§ **Activity**:
Every record is to be printed exactly as written; pictures are to be omitted.

Free-text object descriptions:
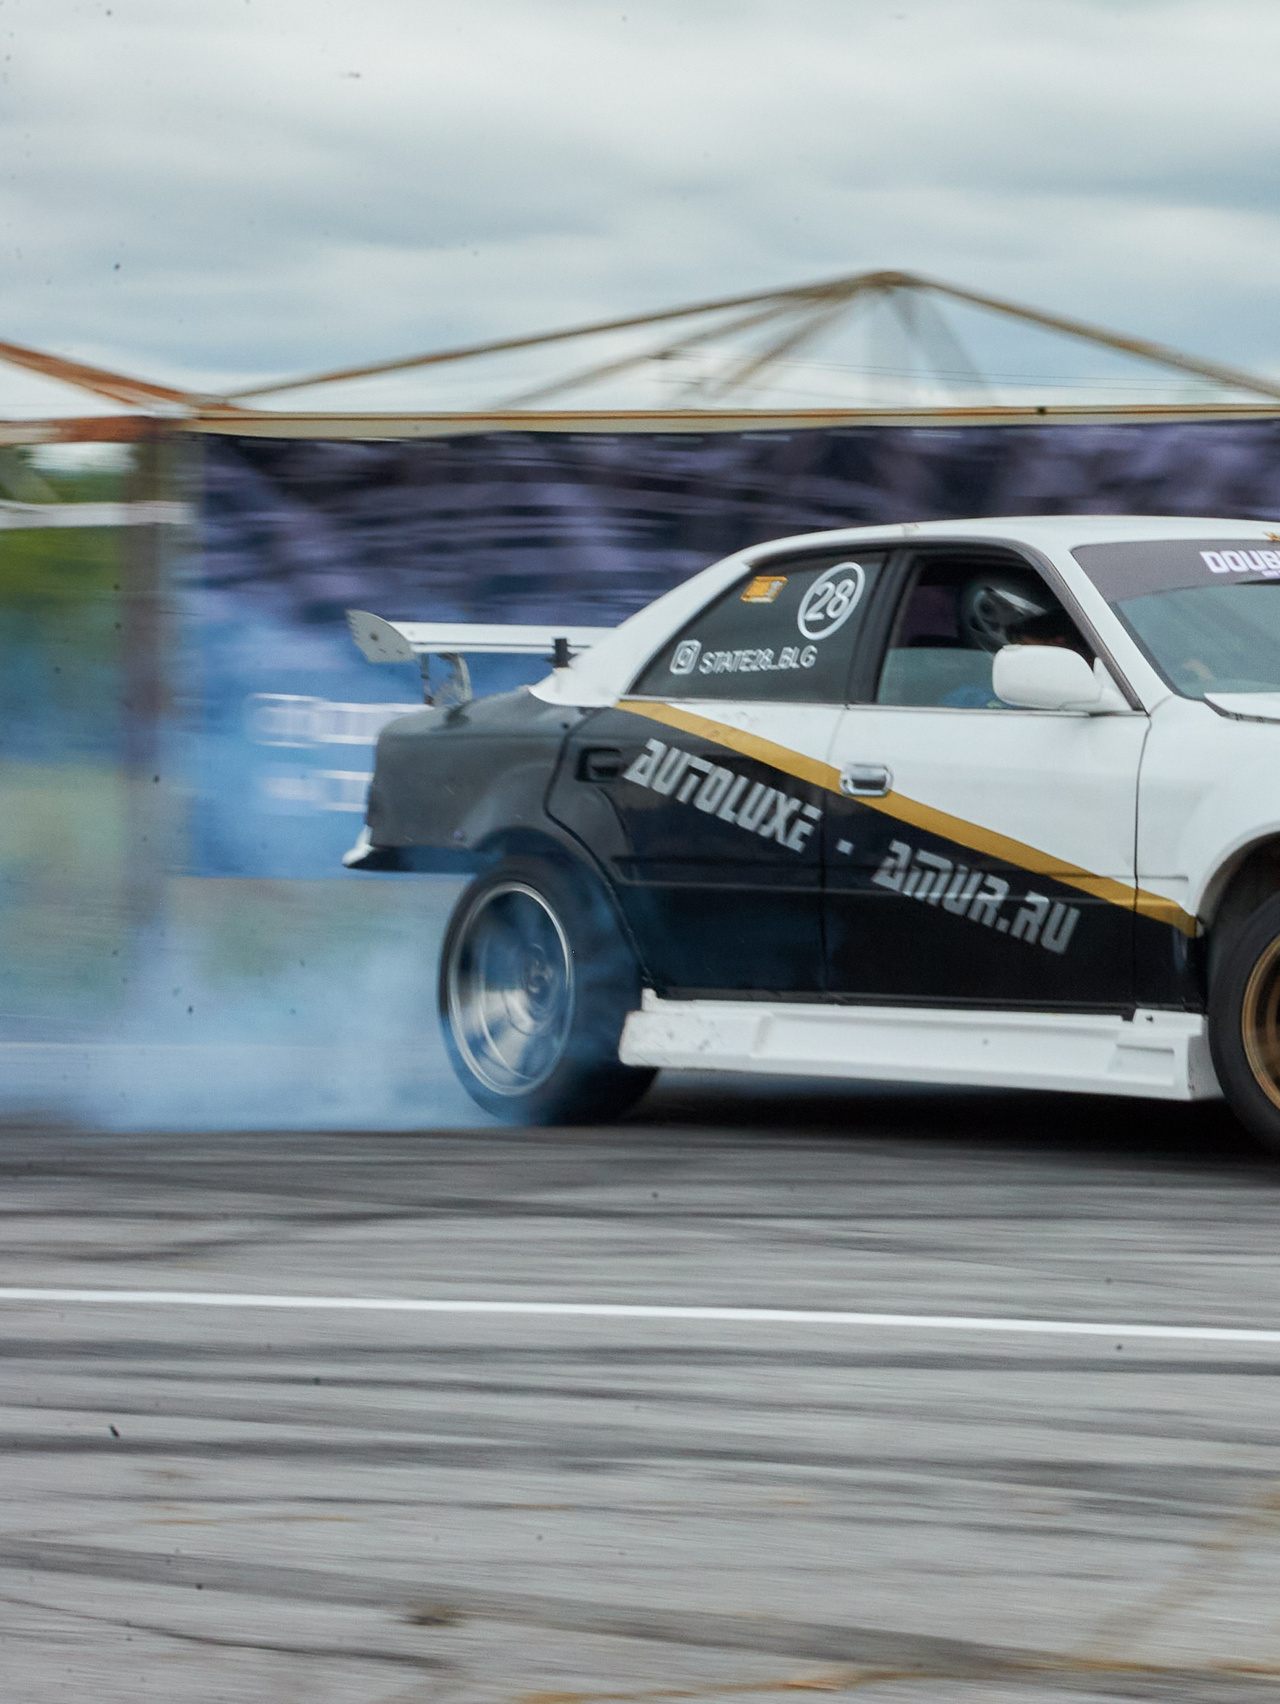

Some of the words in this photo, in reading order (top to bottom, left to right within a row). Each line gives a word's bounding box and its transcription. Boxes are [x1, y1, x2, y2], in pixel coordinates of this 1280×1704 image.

[803, 577, 856, 623] 28
[624, 738, 823, 853] AUTOLUXE
[871, 838, 1082, 954] AMUR.RU
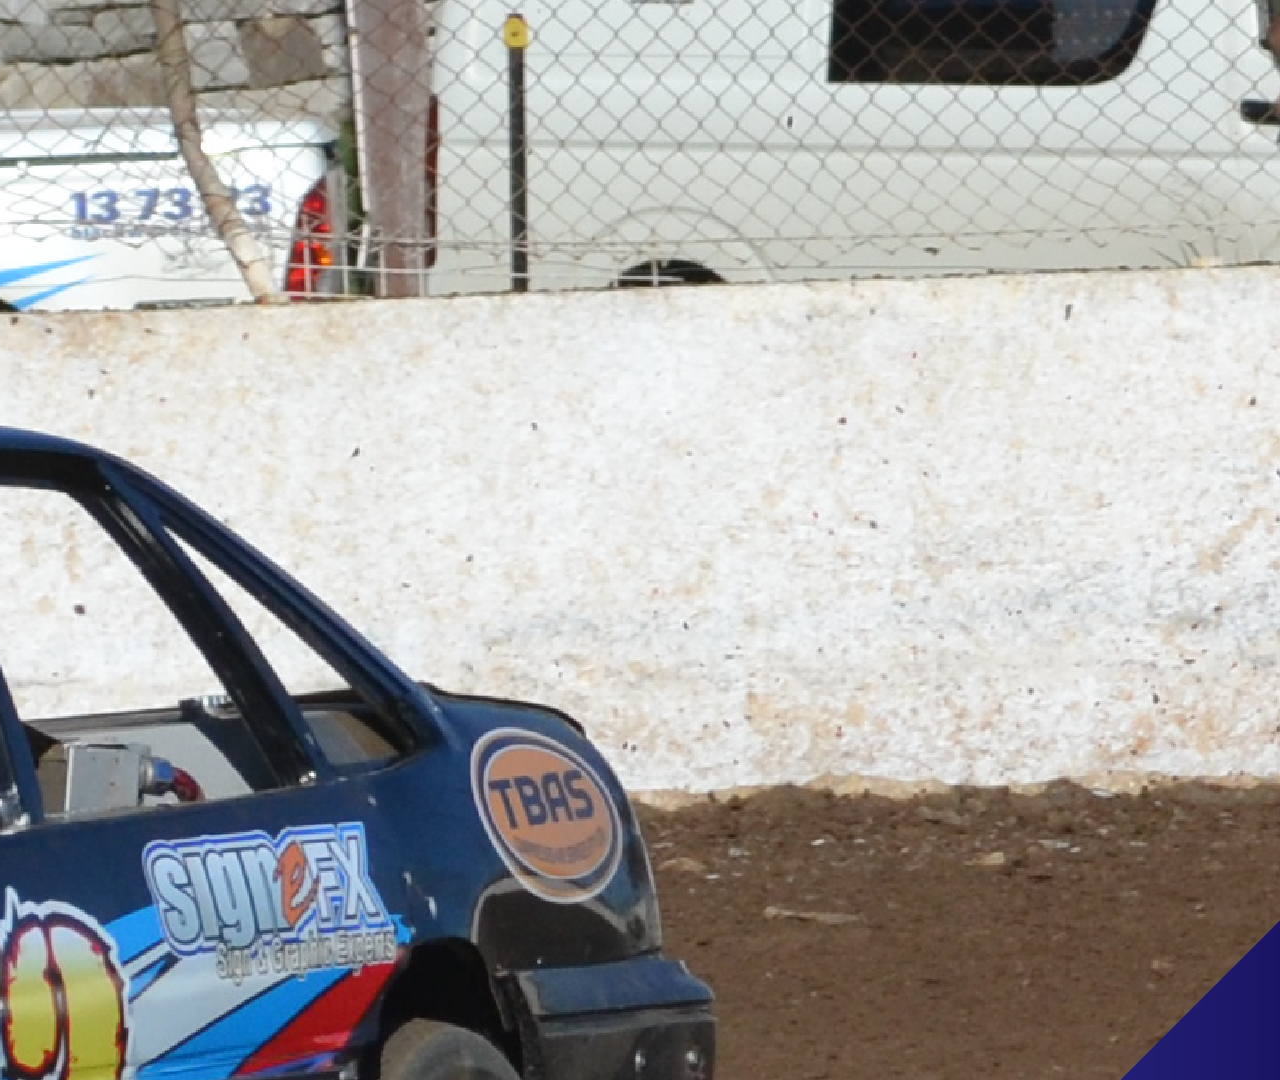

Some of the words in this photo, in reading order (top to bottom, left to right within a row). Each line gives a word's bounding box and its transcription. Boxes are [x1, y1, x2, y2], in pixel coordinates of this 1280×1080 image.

[69, 188, 121, 223] 13
[133, 186, 193, 220] 73
[487, 769, 594, 830] TBAS

§ **Your response**:
Some of the words in this photo, in reading order (top to bottom, left to right within a row). Each line gives a word's bounding box and its transcription. Boxes are [x1, y1, x2, y2], in pixel coordinates of this 1280×1704 image.

[803, 577, 856, 623] 28
[624, 738, 823, 853] AUTOLUXE
[871, 838, 1082, 954] AMUR.RU

Some of the words in this photo, in reading order (top to bottom, left to right within a row). Each line gives a word's bounding box and its transcription. Boxes are [x1, y1, x2, y2], in pixel coordinates of this 1280×1080 image.

[69, 188, 121, 223] 13
[133, 186, 193, 220] 73
[487, 769, 594, 830] TBAS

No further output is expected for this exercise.